Avec toutes mes sympathies (2018) – Olivia de Lamberterie

La gloire de mon frère

J’avais anticipé l’émotion de cette lecture, je savais son thème bouleversant, je connaissais et aimais déjà son auteur, cette Olivia tant révérée depuis de nombreuses années. J’ignorais pourtant que je me retrouverais en larmes à la caisse au moment de l’acheter, critérium en main, mascara qui dégoutte sur ces pages déchirantes, tendres, drôles et dévastées.

Pourtant, non contente de nous livrer un Grand Chant d’amour fraternel, un Hymne à cet autre qu’elle adorait à la fois mélancolique et joyeux, fidèle hommage à ce frère qui enjamba la vie en octobre 2015, Olivia de Lamberterie nous donne à lire la beauté unique d’une tribu merveilleuse.

Une époque et un milieu où les enfants vouvoient leurs parents, où les sentiments se disent en silence. Une famille recomposée pleine de bruit et de fureur qui m’a tant fait penser à un film de Woody Allen. Pour celle qui dit chez nous, on souffre avec un devoir de réserve, bien lui a pris de se laisser aller à cette confidence extime à l’élégance infinie.  Quel précieux honneur pour les lecteurs d’y avoir accès.

Ce récit est un vrai patchwork, puisqu’il est aussi le portrait sans fard de son auteure et des femmes de sa vie, partant de toutes les femmes, et surtout de toutes les mères. Je lisais ces pages en entendant la voix si chic d’Olivia, son timbre châtié de fille de bonne famille et cela n’a rendu ma lecture que plus poignante.

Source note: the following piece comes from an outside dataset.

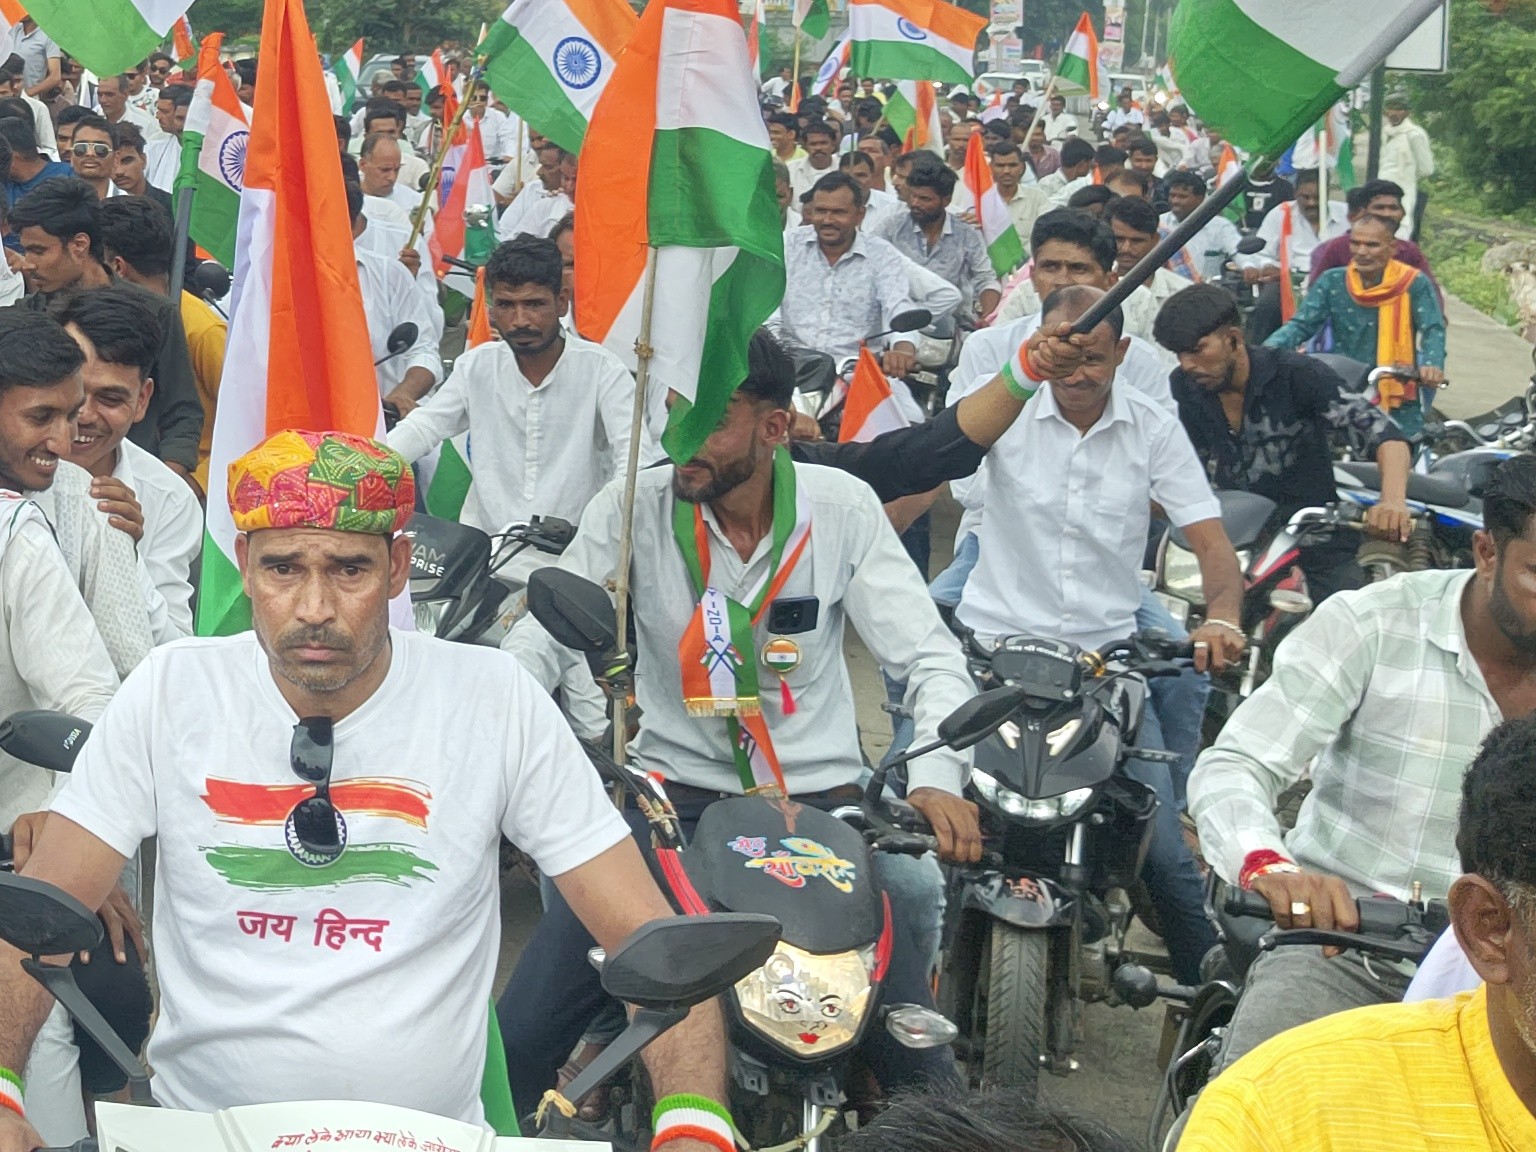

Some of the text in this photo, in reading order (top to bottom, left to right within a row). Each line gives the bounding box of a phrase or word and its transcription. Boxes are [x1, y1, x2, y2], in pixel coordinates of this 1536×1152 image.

[706, 601, 725, 643] INDIA
[236, 907, 391, 952] जय हिन्द

Parce que soudain celle dont je fantasmais l’existence idéale tombe le masque (et la plume), dit ses doutes, ses peurs de toujours, ses noirs épisodes, ses choix familiaux peu conventionnels, ses difficultés à trouver sa place et sa voix. A l’imposer aussi, dans le milieu littéraire. Pour celle dont la spécialité est la critique des œuvres des autres, haute était la marche à franchir pour oser écrire à son tour. Pour se sentir légitime de le faire.

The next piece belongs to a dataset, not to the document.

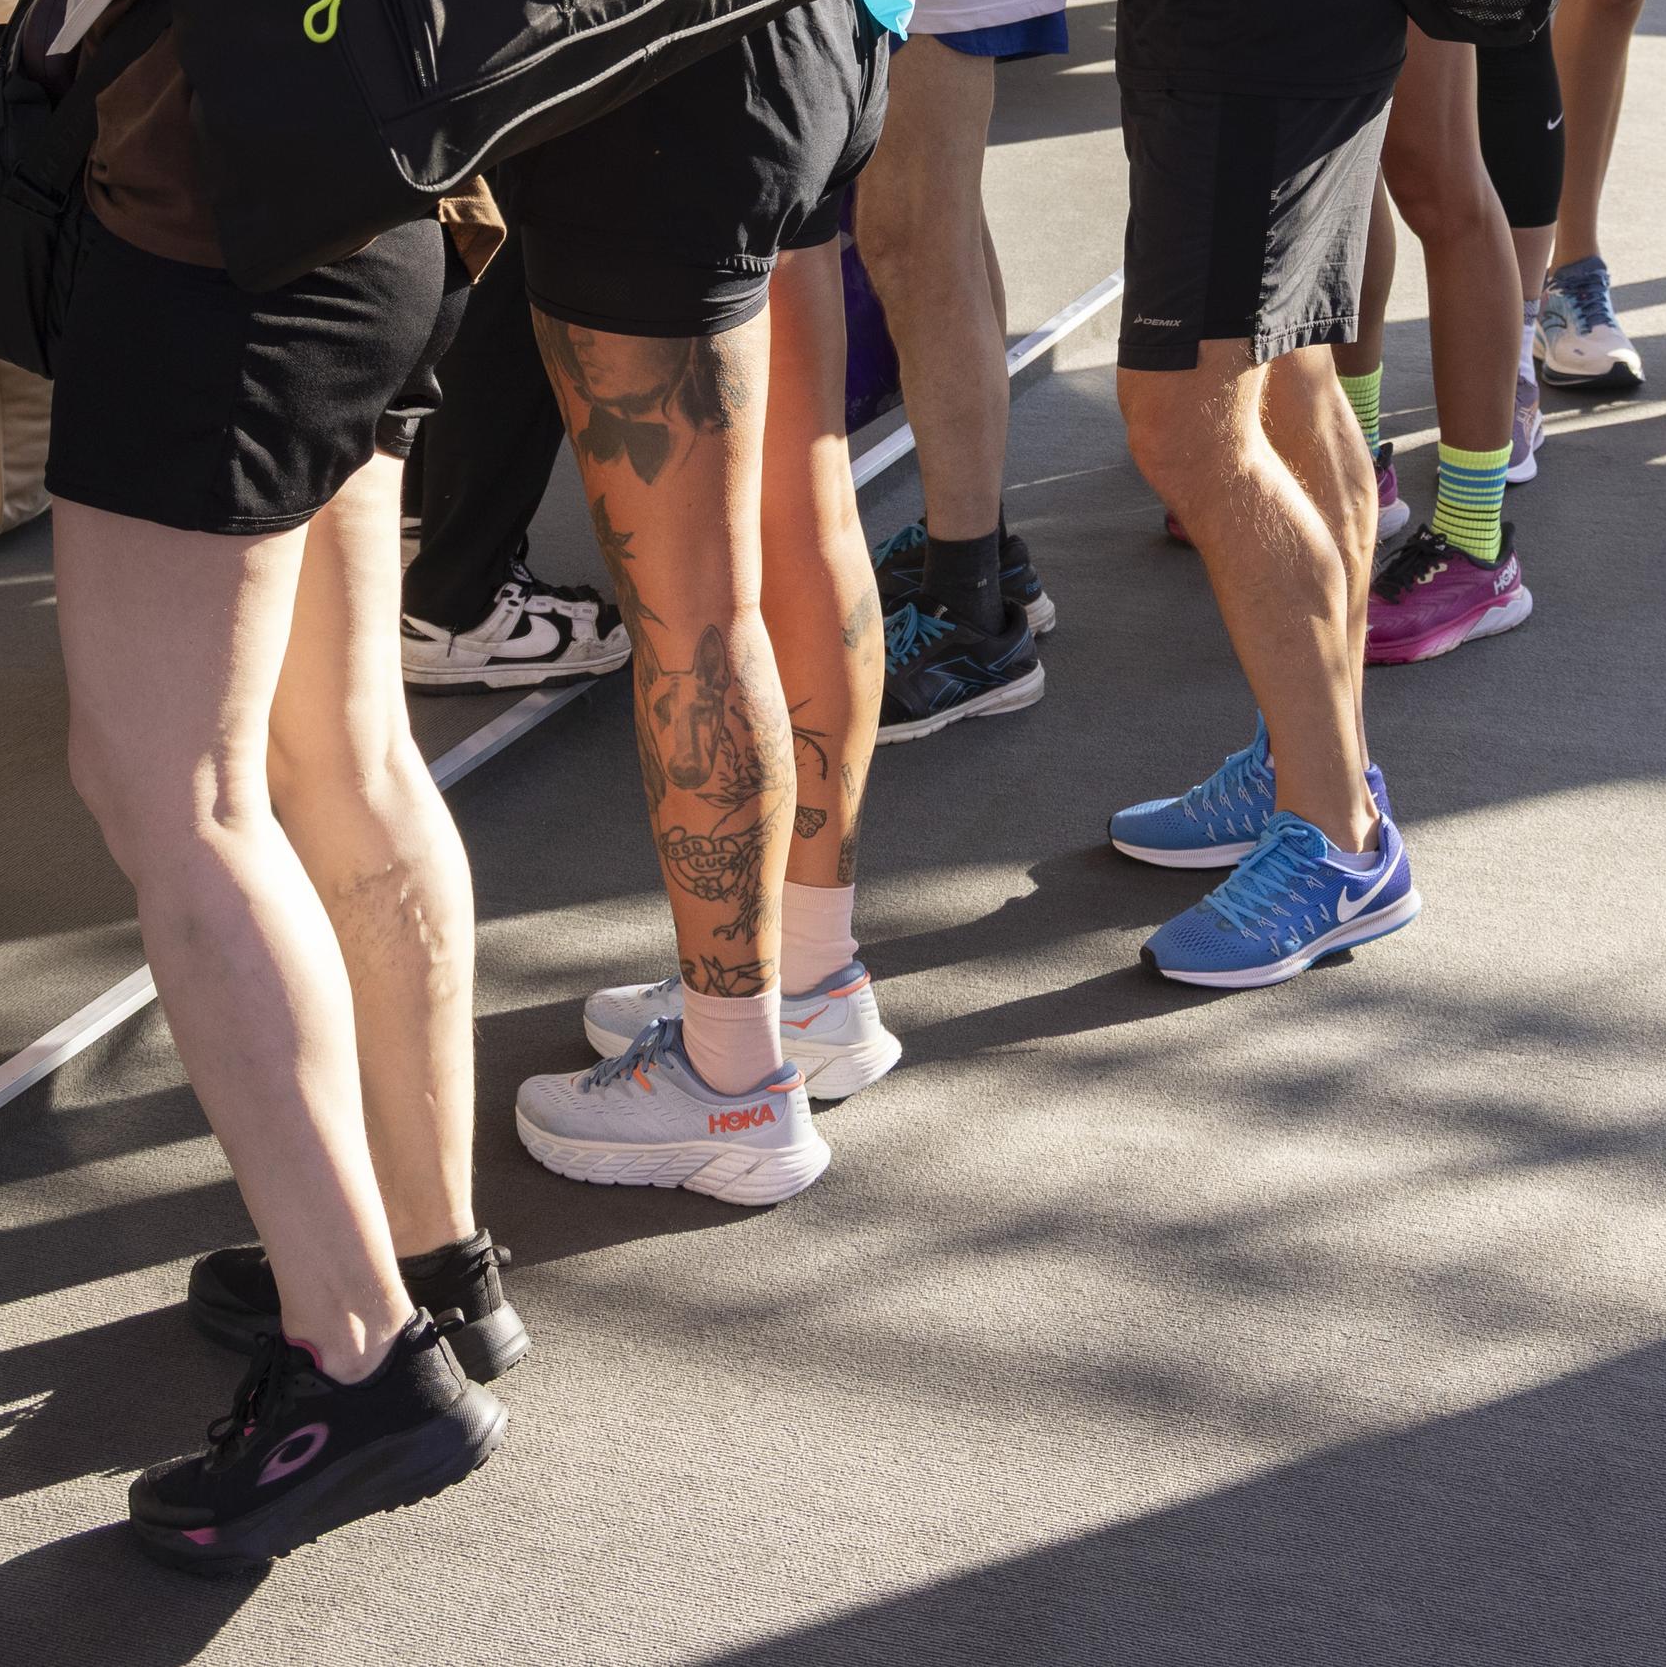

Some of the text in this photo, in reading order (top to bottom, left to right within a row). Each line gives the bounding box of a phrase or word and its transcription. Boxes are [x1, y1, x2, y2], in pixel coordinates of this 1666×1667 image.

[1143, 317, 1182, 328] DEMIX
[1493, 555, 1518, 596] HOKA
[695, 855, 733, 870] LUC
[708, 1103, 777, 1135] HOKA

Elle était déjà pour moi un modèle – elle est désormais une légende, mais une légende humaine, au visage proche, si proche. Je ne saurais mieux dire le sentiment qui m’a étreinte après cette lecture en pleurs que : je suis fière d’appartenir au genre féminin quand je lis Olivia, après avoir lu Pauline, Mona, Adélaïde et tant d’autres. Je suis si fière d’être une femme quand je lis le talent de ces soeurs d’âme, leur sensibilité, leur intensité de femmes puissantes qui se racontent sans détour.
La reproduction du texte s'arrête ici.